The cocoa industry made big plans for sustainability a decade ago, but they have still not materialized.

December 3, 2019

Spit out that chocolate Santa head right now. 

In 2009, Mars Inc., maker of M&M’s, Snickers, and other impulse-aisle confections, said it would start using only sustainably harvested cocoa as a means of addressing climate change. 

But last year, Mars bumped back its target date from 2020 to 2025.

What difference does 5 years make?

Potentially a lot. Rainforests help stabilize the climate by absorbing and storing carbon dioxide. Some estimates say deforestation accounts for 10% of greenhouse gas emissions.

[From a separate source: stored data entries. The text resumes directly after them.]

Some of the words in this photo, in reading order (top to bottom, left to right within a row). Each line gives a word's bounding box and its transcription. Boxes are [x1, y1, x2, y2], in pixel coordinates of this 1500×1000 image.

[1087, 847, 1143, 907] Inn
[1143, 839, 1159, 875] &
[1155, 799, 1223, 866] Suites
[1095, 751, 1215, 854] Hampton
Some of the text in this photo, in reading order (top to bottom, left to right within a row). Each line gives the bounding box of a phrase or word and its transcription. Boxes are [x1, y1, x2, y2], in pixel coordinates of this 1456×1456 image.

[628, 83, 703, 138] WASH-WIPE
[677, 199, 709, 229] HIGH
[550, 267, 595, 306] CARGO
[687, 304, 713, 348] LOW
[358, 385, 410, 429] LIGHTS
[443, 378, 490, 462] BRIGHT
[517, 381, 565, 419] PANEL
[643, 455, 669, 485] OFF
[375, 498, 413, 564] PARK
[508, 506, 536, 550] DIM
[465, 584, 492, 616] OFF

In 2017, the world lost 40 football fields’ worth of rainforest per minute. According to the nonprofit Global Forest Watch, demand for cocoa, timber, palm oil, beef, rubber, and soybeans — you vegans ain’t off the hook — have contributed to the situation.

So, like, stop buying from farmers who cut down trees

It’s not that easy. Thousands of farmers growing cocoa plants operate independently on small plots. They sell their crops to middlemen who sell to cooperatives who then sell to the trading houses that sell to chocolate companies.

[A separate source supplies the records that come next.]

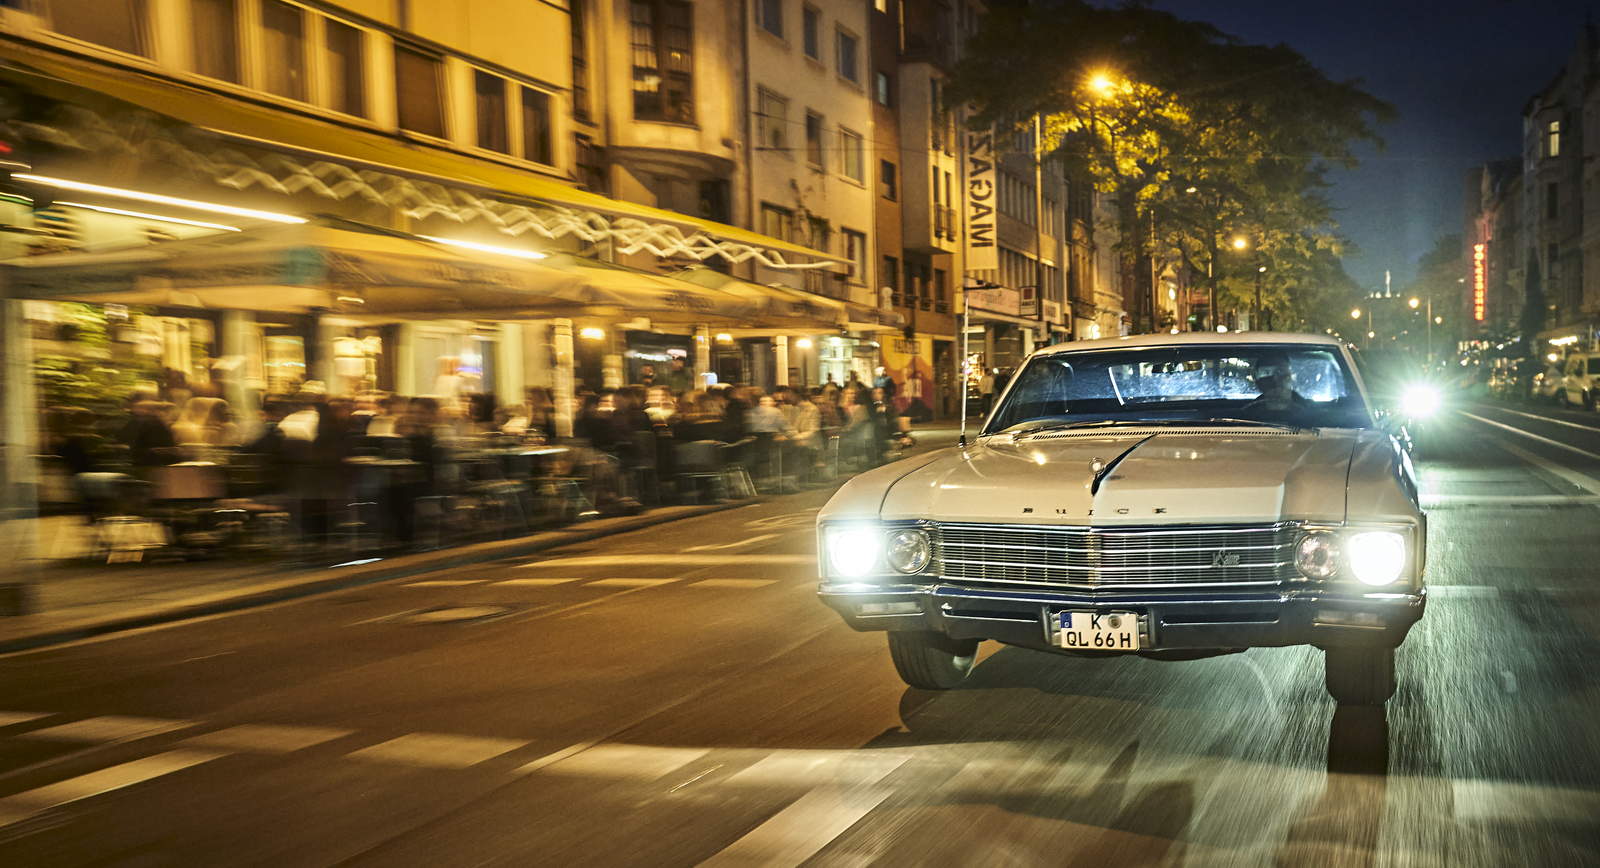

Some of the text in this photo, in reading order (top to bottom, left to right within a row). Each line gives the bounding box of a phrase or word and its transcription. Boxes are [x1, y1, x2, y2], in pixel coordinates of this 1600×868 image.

[1022, 507, 1168, 516] BUICK
[1091, 614, 1102, 630] K
[1066, 631, 1089, 647] QL
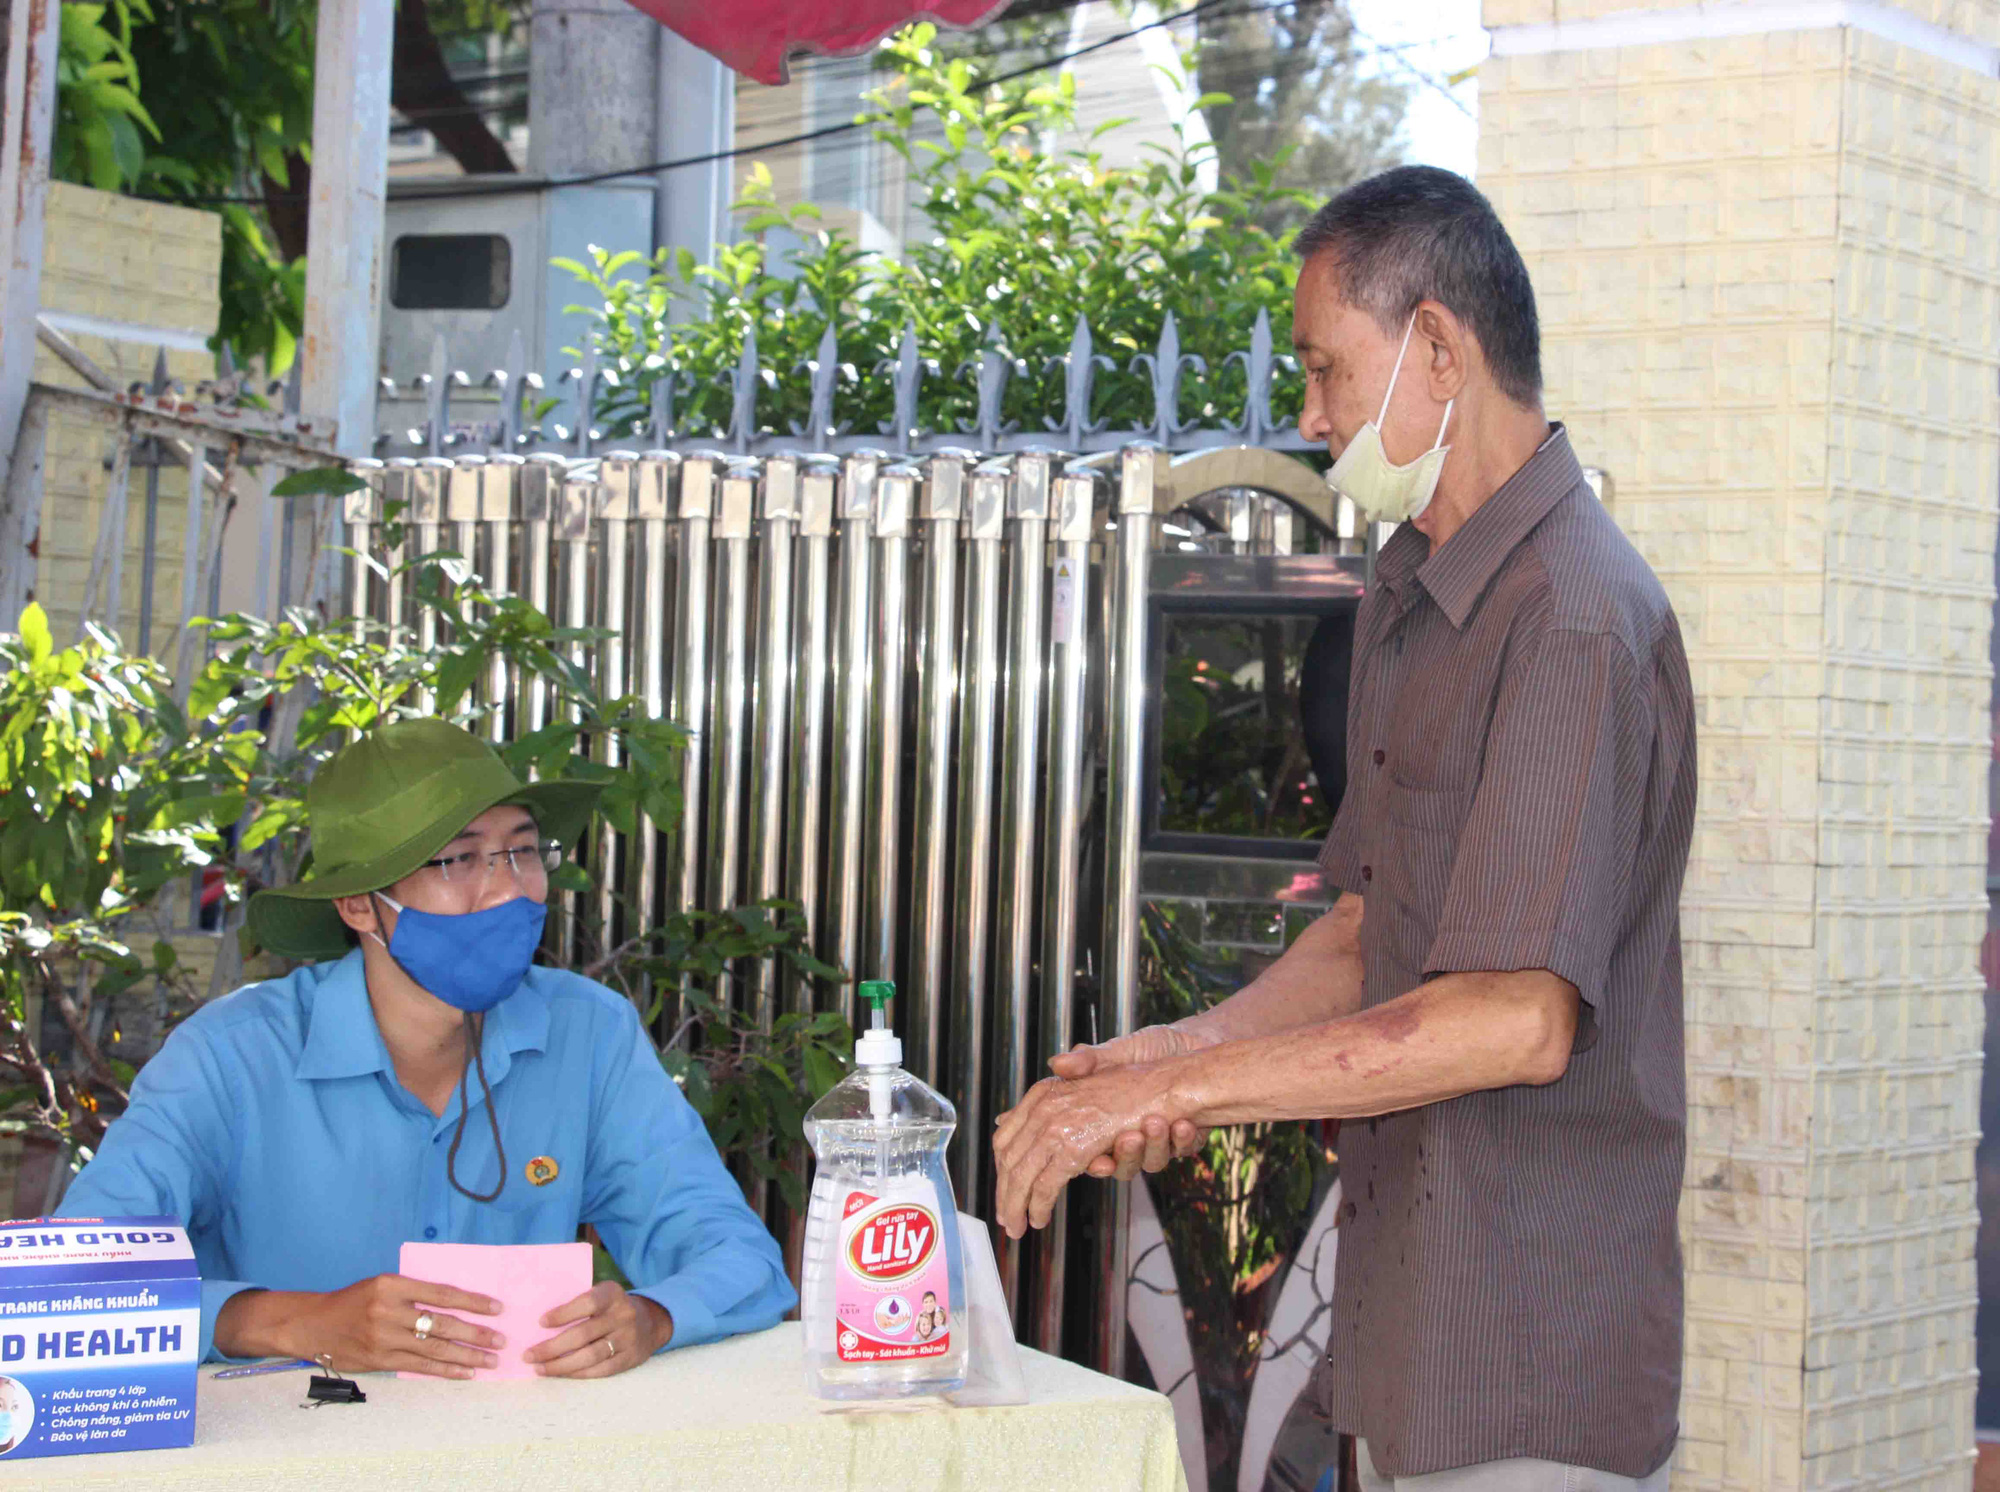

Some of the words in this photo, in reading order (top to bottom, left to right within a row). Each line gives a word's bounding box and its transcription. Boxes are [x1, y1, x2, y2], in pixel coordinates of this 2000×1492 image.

[876, 1216, 890, 1226] Gel
[906, 1211, 919, 1221] tay
[75, 1232, 176, 1245] GOLD
[861, 1221, 930, 1265] Lily
[867, 1262, 883, 1272] Hand
[883, 1260, 908, 1269] sanitizer
[106, 1288, 159, 1309] KHUẨN
[37, 1325, 182, 1360] HEALTH
[862, 1351, 875, 1359] tay
[52, 1387, 83, 1400] Khẩu
[86, 1388, 117, 1398] trang
[119, 1386, 126, 1396] 4
[128, 1385, 147, 1396] lớp
[52, 1405, 71, 1416] Lọc
[74, 1402, 110, 1413] không
[112, 1399, 131, 1410] khí
[141, 1396, 177, 1408] nhiễm
[124, 1412, 154, 1425] giảm
[156, 1411, 171, 1421] tia
[174, 1409, 191, 1420] UV
[50, 1432, 73, 1442] Bảo
[76, 1430, 88, 1442] vệ
[91, 1429, 109, 1439] làn
[111, 1428, 127, 1438] da

Ideally, it’d be possible to trace cocoa back to its source. However, effective certification requires a census, surveys, and satellite maps — and often these systems aren’t in place. So who’s surprised that uncertified cocoa makes it into certified supply chains?

But Mars seems willing to put its money where its mouth is

Mars, which commands 150 chocolate factories worldwide, is part of a campaign lobbying Congress to tax companies based on how much carbon they emit.

Unlike many companies, Mars includes the supply chain when calculating its carbon footprint. Under a proposed penalty of $50/ton, Mars would owe $1B+/annually — which could make knocking back emissions an even greater priority.